Montreal massacre calls us to do better, three decades later
In a way, it has become our 9/11.
It has been 29 years since 14 young women were murdered in a hate-fuelled orgy of violence at the École Polytechnique in Montreal.
Had they been allowed to live, some of them might be grandmothers today.
Yet the story still stays with us, seared into our national consciousness. It still has the power to make us weep, and think, and try to do better.
At the University of Waterloo Thursday, Susan Tighe’s eyes filled with tears as she remembered Dec. 6, 1989.
Today, she is an engineering professor, deputy provost and associate vice-president of integrated planning and budgeting at the university.
But back on that terrible day, she was an engineering student herself at Queen’s University in Kingston.
She was studying in the library at Queen’s, unaware that Marc Lépine, armed with a semi-automatic rifle and a hunting knife, had walked into an engineering classroom in Montreal and ordered the men to leave the room.
“You’re all a bunch of feminists. I hate feminists,” he shouted to the terrified women as he opened fire, killing 13 engineering students and one administrator.
This happened before there was social media and a cellphone in every hand. For hours, Tighe had no idea what had happened. She went out for something to eat and back to the library.
Meanwhile, her aunt in California had heard that there had been a mass shooting of female engineering students in Canada, and called Tighe’s mother. When Tighe finally got home that night, her mother had been phoning, frantic with worry.
As she told the story on Thursday, Tighe
remembered the terror and then relief in her mother’s voice when she finally reached her.
She never forgot that awful moment in history.
“What I’ve come to realize now, as the mother of two girls, is how dangerous life can be,” she said.
Every year, a ceremony is held on Dec. 6 in one of the sleek new engineering buildings at the University of Waterloo, where 30 per cent of the incoming engineering students each year are female.
Almost 200 people attended on Thursday. The vast majority were students who were not even born when the Montreal massacre happened.
But these students still pinned on their white ribbons. They listened as the names of the 14 victims were read aloud.
They were not part of the history, but they are part of the response to the history.
The 9/11 terrorist attacks on the United States profoundly changed the way we saw the world.
The Montreal Massacre galvanized Canadians, too. We understood that the world was a more dangerous place than we thought. Many people worked to make it more peaceful and equitable.
Over time at the University of Waterloo there developed a huge push to bring more women into engineering classrooms and into leadership positions.
Under the leadership of president Feridun Hamdullahpur, the university has engaged with a United Nations initiative to boost female participation in science and engineering programs, and increase the number of women in leadership roles and as professors at Waterloo.

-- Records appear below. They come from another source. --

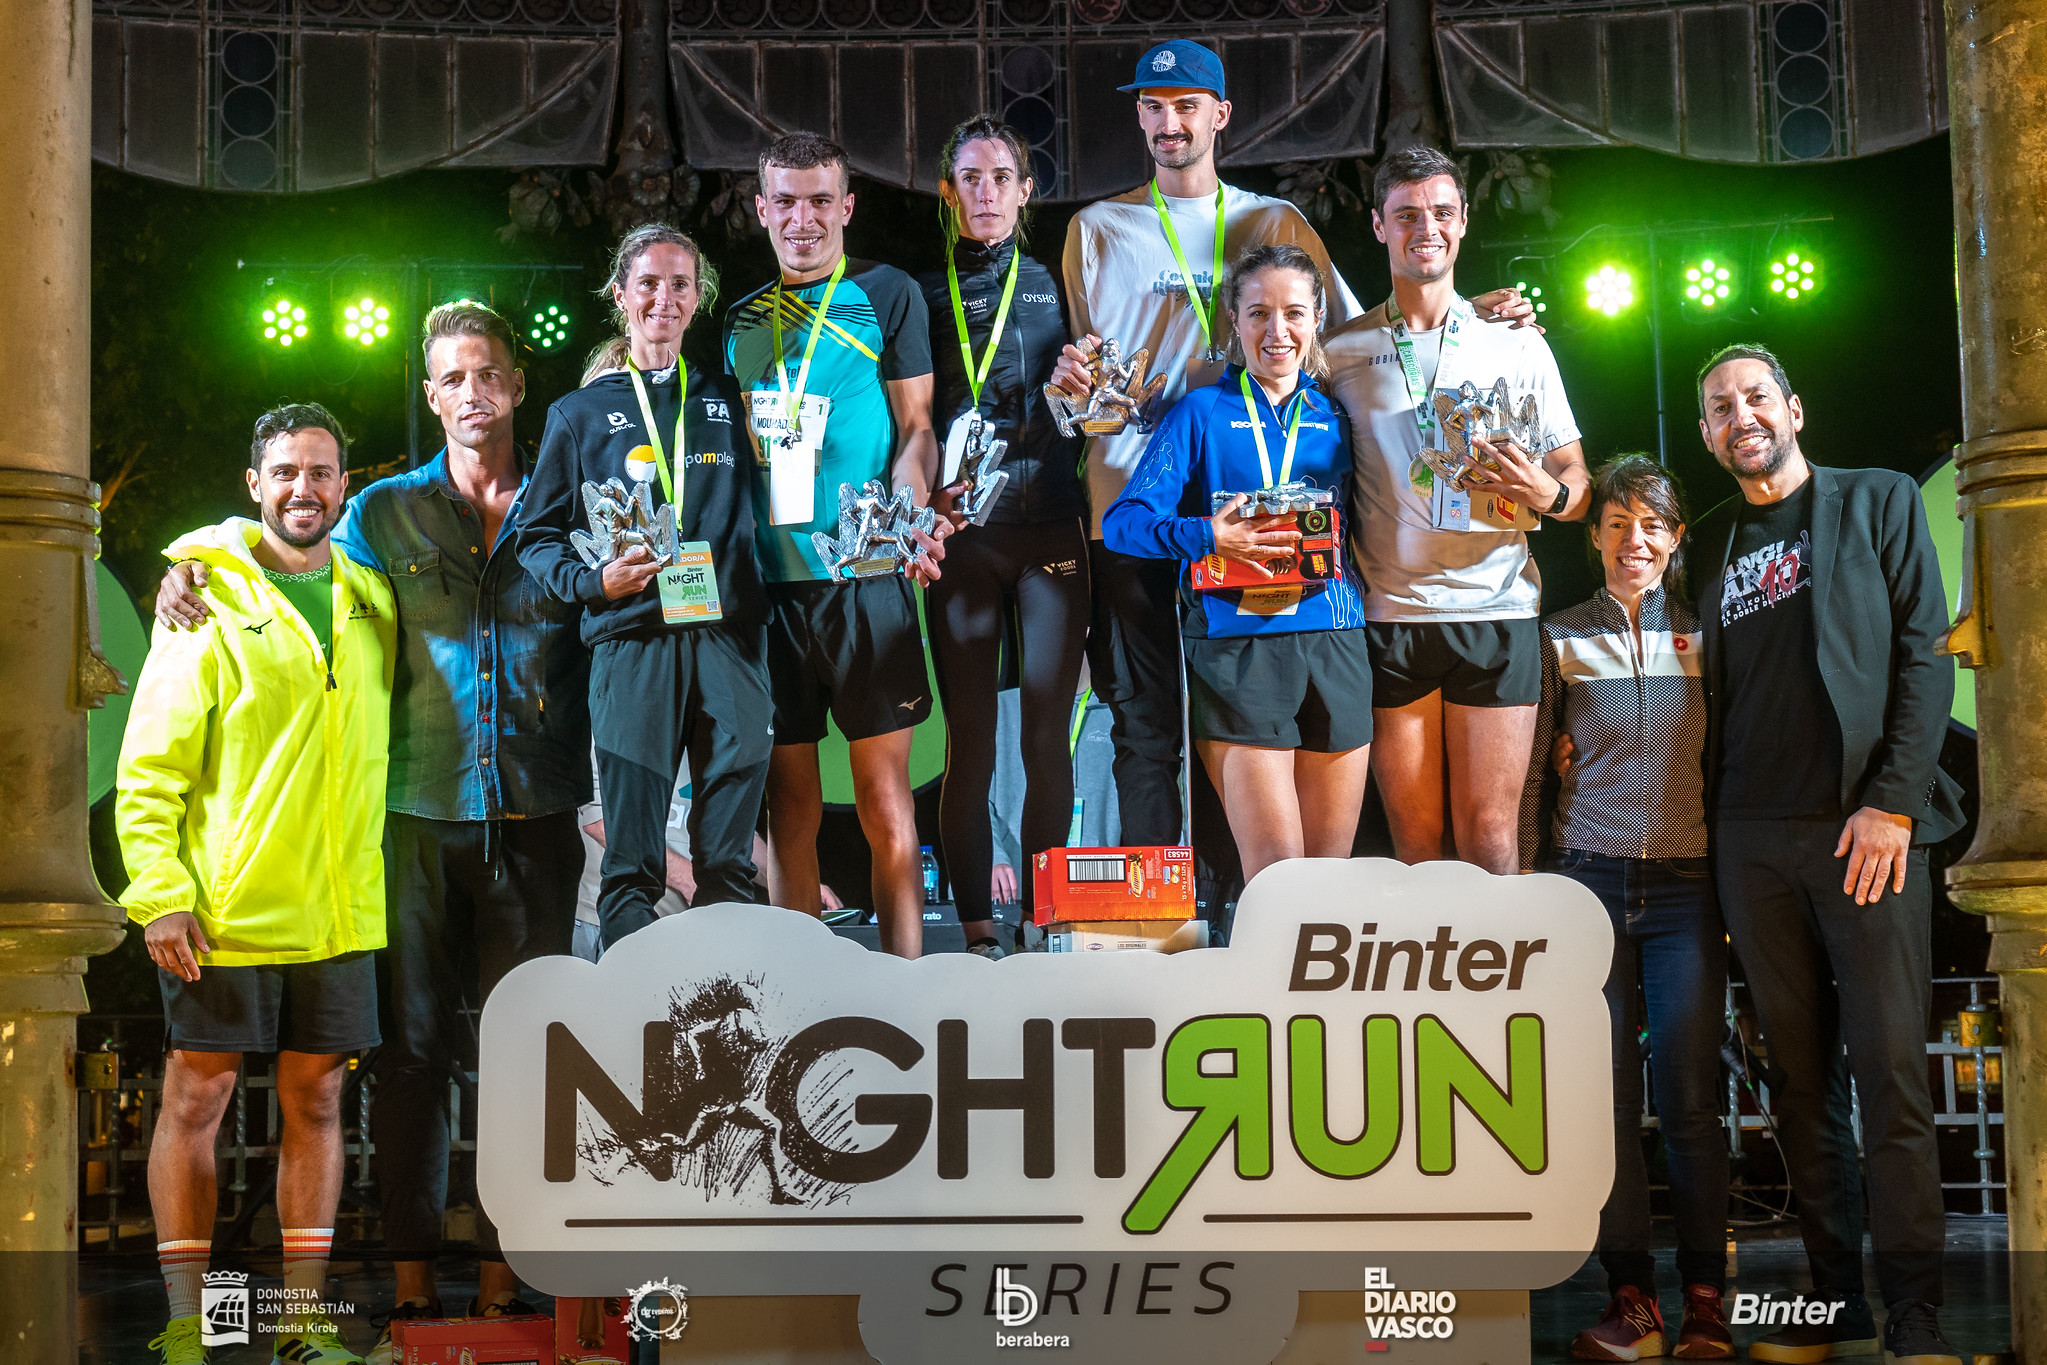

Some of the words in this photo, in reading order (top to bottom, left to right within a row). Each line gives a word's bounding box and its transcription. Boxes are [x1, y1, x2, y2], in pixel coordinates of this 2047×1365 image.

[968, 298, 987, 307] VICKY
[1022, 293, 1056, 304] OYSHO
[1057, 559, 1076, 568] VICKY
[1733, 604, 1759, 621] DOBLE
[1288, 922, 1548, 992] Binter
[1120, 1013, 1550, 1236] RUN
[925, 1262, 1235, 1317] SERIES

Since starting its initiative, called HeForShe, in 2015 the university has surpassed its gender-equity goals.
It employed a series of strategies including pay equity, scholarships and support from the top in removing what Hamdullahpur called “conscious and unconscious biases.”
Waterloo is committed to increasing the number of women and girls in its science, math, engineering and technology outreach programs to 33 per cent by 2020. It’s currently at 32 per cent.
It has already surpassed the 2020 goal of 30 per cent female faculty in these fields.
And it has 32 per cent female representation in senior leadership across the university.
Hamdullahpur has said he looks forward to the time when women’s integration is so natural and obvious that even imposing targets will seem meaningless.
Women are still killed, mutilated, enslaved and oppressed all over the world, in part because they have less power in society than men do. Paradoxically, as we have demanded real equality, some men have been so threatened that they tried to harm us.
“Never again,” we might say to ourselves as we consider those 14 doomed women, their lives cruelly thwarted, and the bright hopes they represent. How can we not try to take those hopes and turn them into something better for the next generation?